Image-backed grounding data
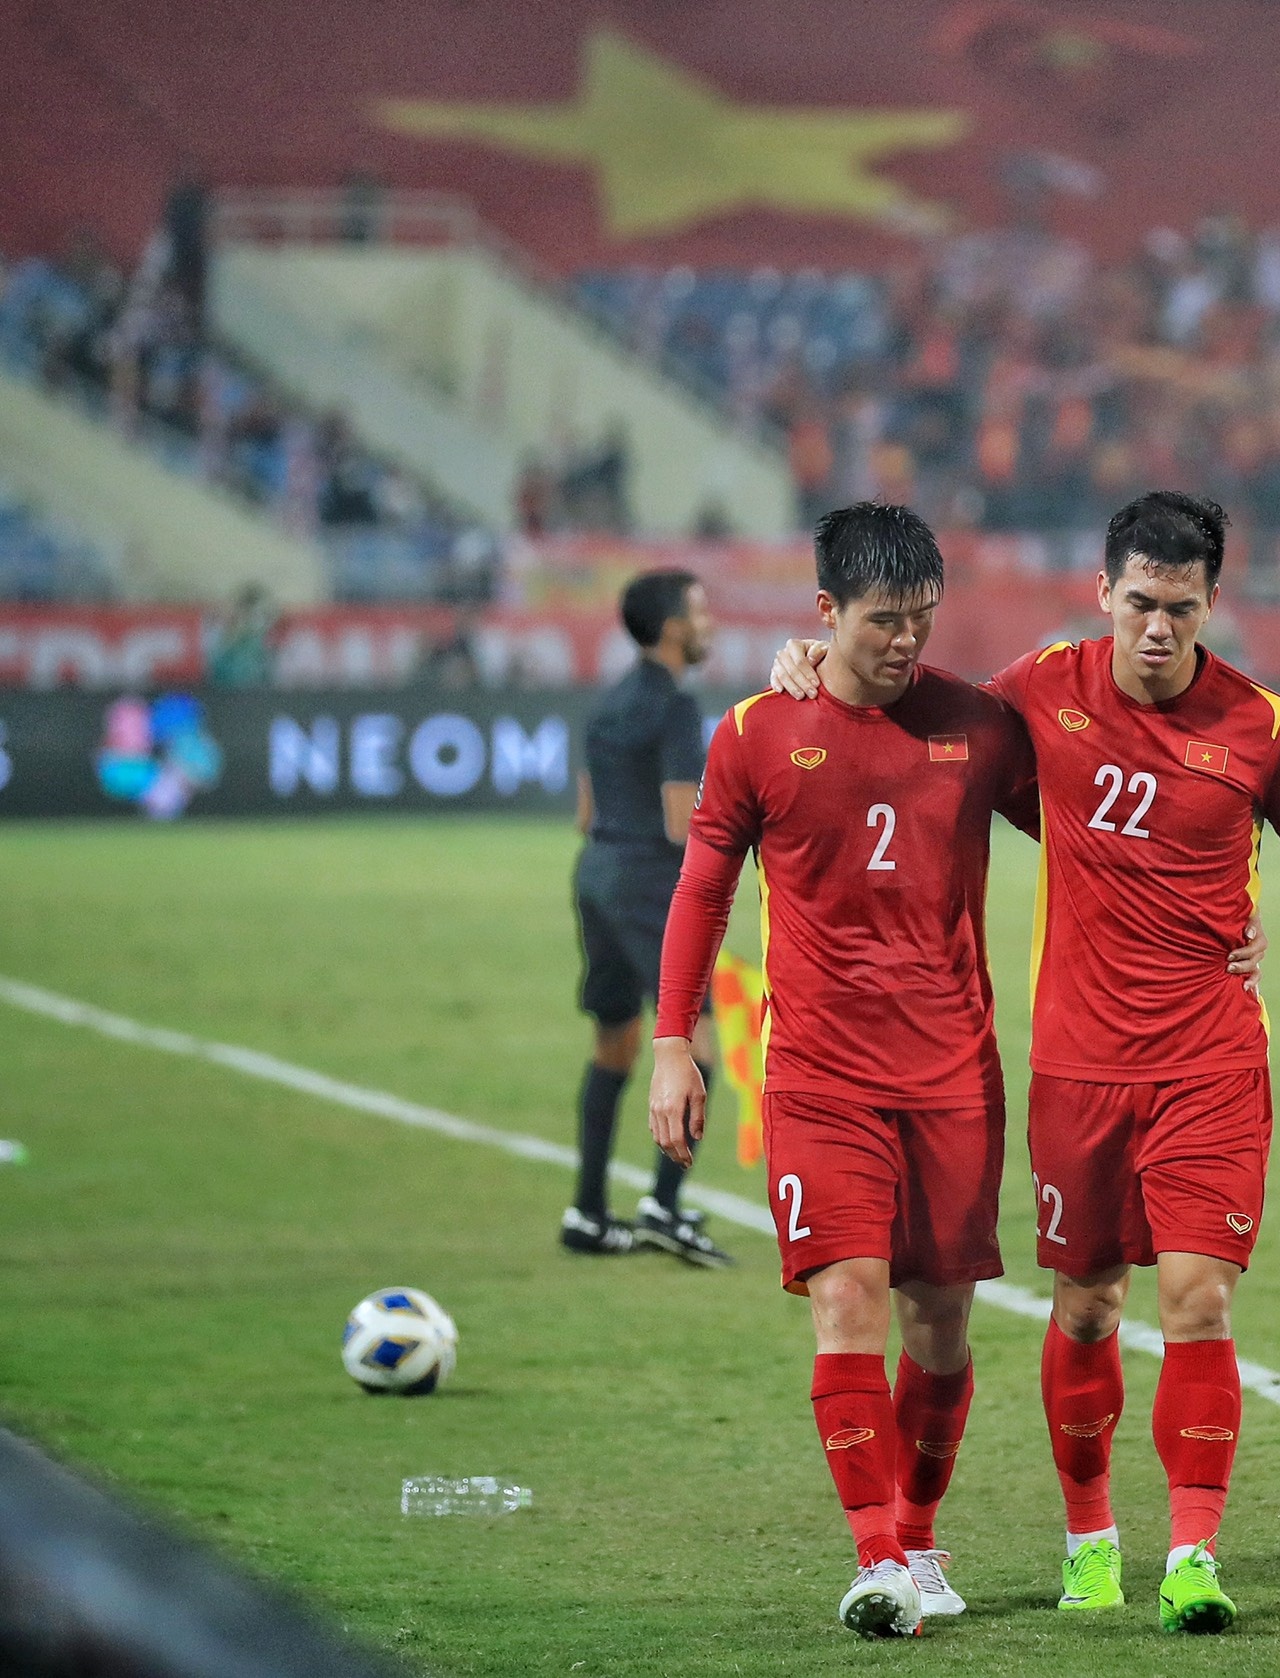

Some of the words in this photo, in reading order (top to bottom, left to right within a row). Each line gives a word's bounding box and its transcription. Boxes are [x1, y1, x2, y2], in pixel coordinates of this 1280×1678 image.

[268, 713, 569, 796] NEOM
[866, 803, 896, 870] 2
[1087, 764, 1158, 839] 22
[778, 1173, 811, 1242] 2

- **WORK INSTRUCTION**: Give all entries again verbatim, without any images.

- **RESPONSE**:
Some of the words in this photo, in reading order (top to bottom, left to right within a row). Each line gives a word's bounding box and its transcription. Boxes are [x1, y1, x2, y2], in pixel coordinates of this 1280×1678 image.

[268, 713, 569, 796] NEOM
[866, 803, 896, 870] 2
[1087, 764, 1158, 839] 22
[778, 1173, 811, 1242] 2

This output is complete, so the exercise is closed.